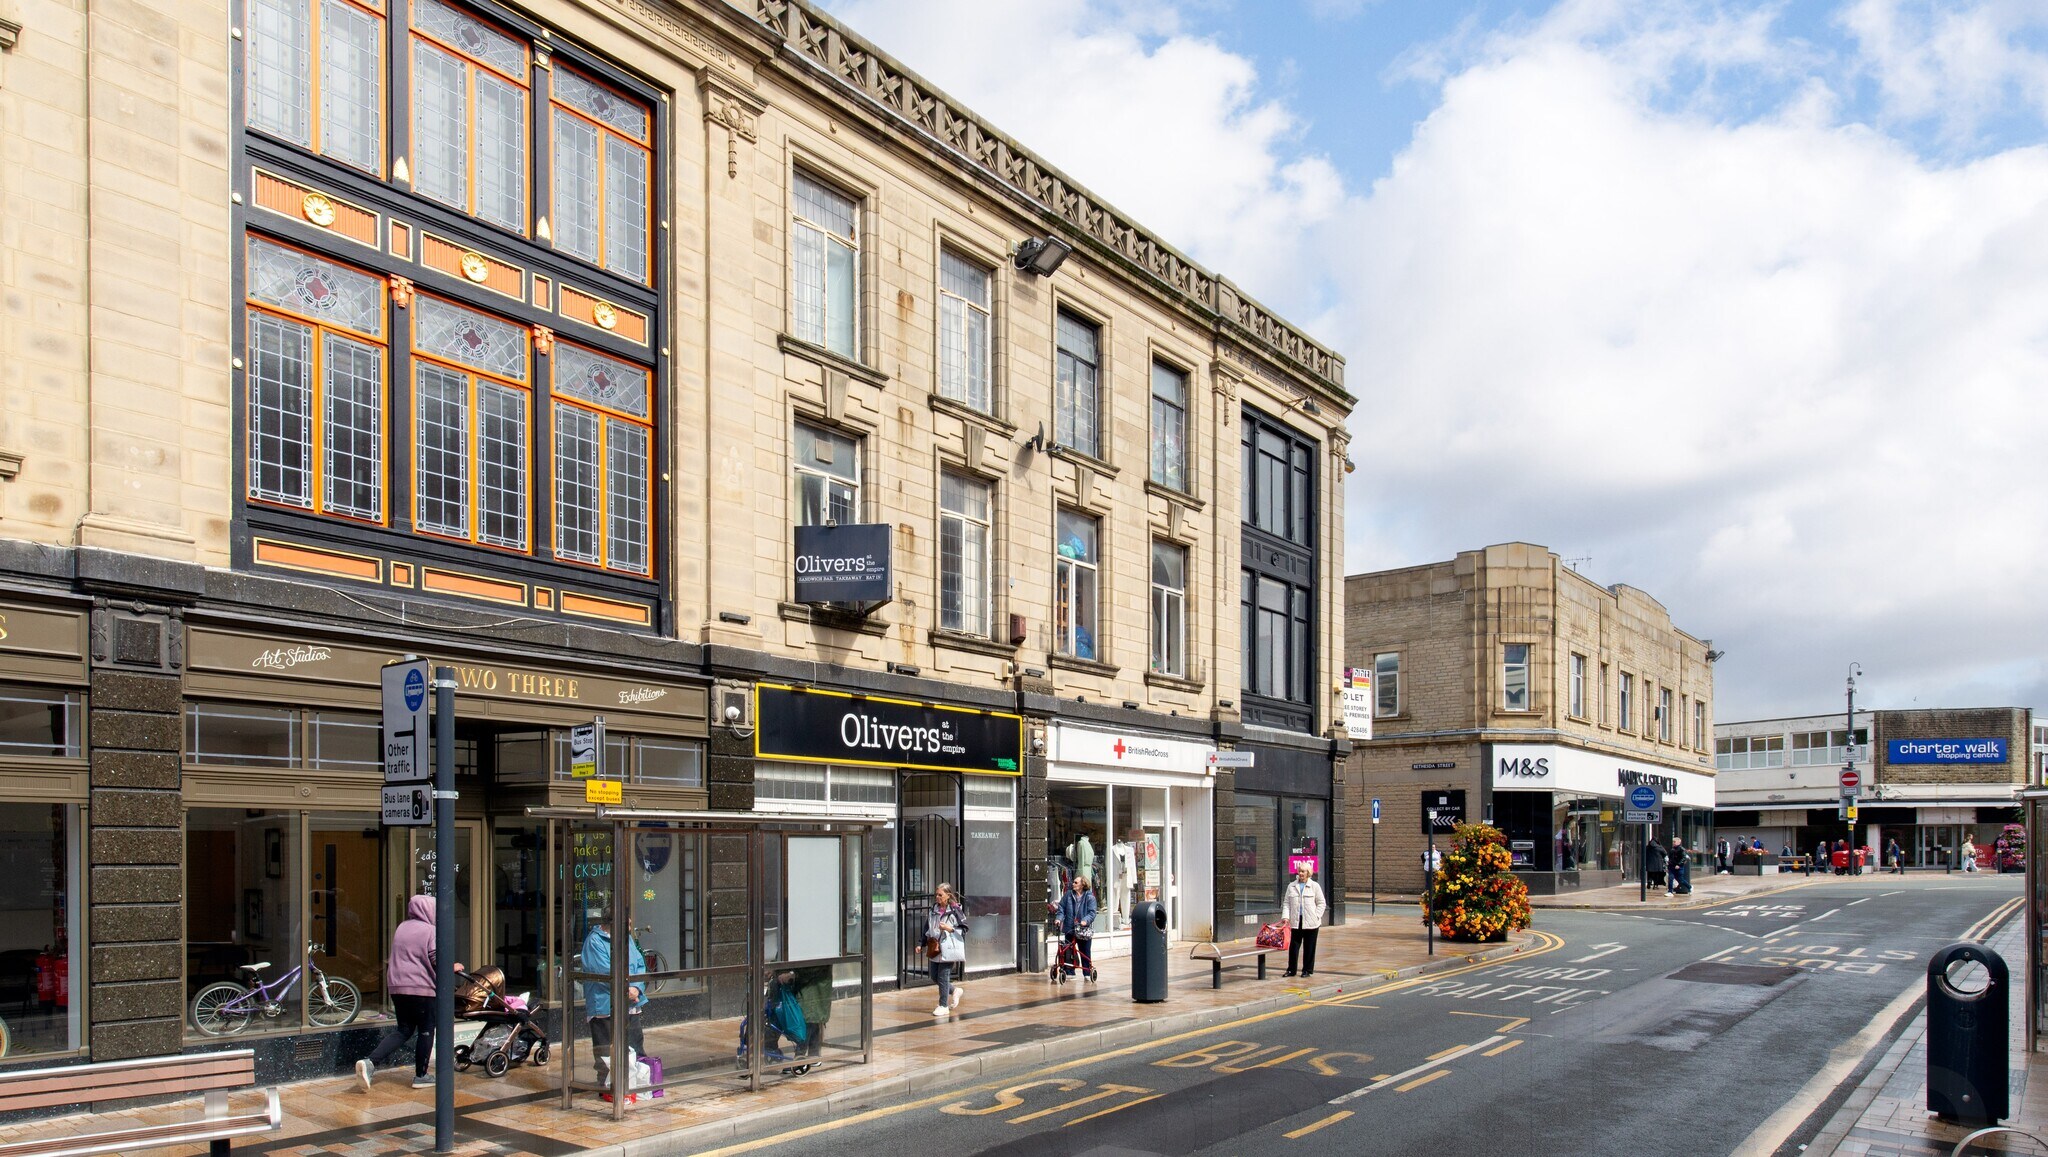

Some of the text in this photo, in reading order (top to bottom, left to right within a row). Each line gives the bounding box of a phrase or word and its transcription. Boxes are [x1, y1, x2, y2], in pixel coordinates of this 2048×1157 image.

[796, 555, 865, 573] Olivers
[252, 645, 331, 670] Art Studios
[508, 672, 579, 699] THREE
[618, 687, 667, 704] Exhibitions
[1351, 694, 1364, 702] LET
[942, 721, 950, 729] at
[841, 713, 941, 753] Olivers
[942, 732, 954, 741] the
[574, 738, 582, 746] Bus
[1900, 741, 1999, 754] charter walk
[387, 743, 409, 757] Other
[942, 745, 966, 754] empire
[1128, 746, 1169, 758] BritishRedCross
[1937, 752, 1971, 760] shopping
[387, 760, 411, 774] traffic
[1500, 757, 1549, 777] M&S
[384, 793, 411, 804] Bus lane
[385, 808, 411, 818] cameras
[1702, 910, 1807, 919] GATE
[1761, 944, 1919, 960] STOP

◆ ◆ ◆

▸ Task directions:
The preceding listing must be repeated exactly, with all images dropped.

▸ Written response:
Some of the text in this photo, in reading order (top to bottom, left to right within a row). Each line gives the bounding box of a phrase or word and its transcription. Boxes are [x1, y1, x2, y2], in pixel coordinates of this 2048×1157 image.

[796, 555, 865, 573] Olivers
[252, 645, 331, 670] Art Studios
[508, 672, 579, 699] THREE
[618, 687, 667, 704] Exhibitions
[1351, 694, 1364, 702] LET
[942, 721, 950, 729] at
[841, 713, 941, 753] Olivers
[942, 732, 954, 741] the
[574, 738, 582, 746] Bus
[1900, 741, 1999, 754] charter walk
[387, 743, 409, 757] Other
[942, 745, 966, 754] empire
[1128, 746, 1169, 758] BritishRedCross
[1937, 752, 1971, 760] shopping
[387, 760, 411, 774] traffic
[1500, 757, 1549, 777] M&S
[384, 793, 411, 804] Bus lane
[385, 808, 411, 818] cameras
[1702, 910, 1807, 919] GATE
[1761, 944, 1919, 960] STOP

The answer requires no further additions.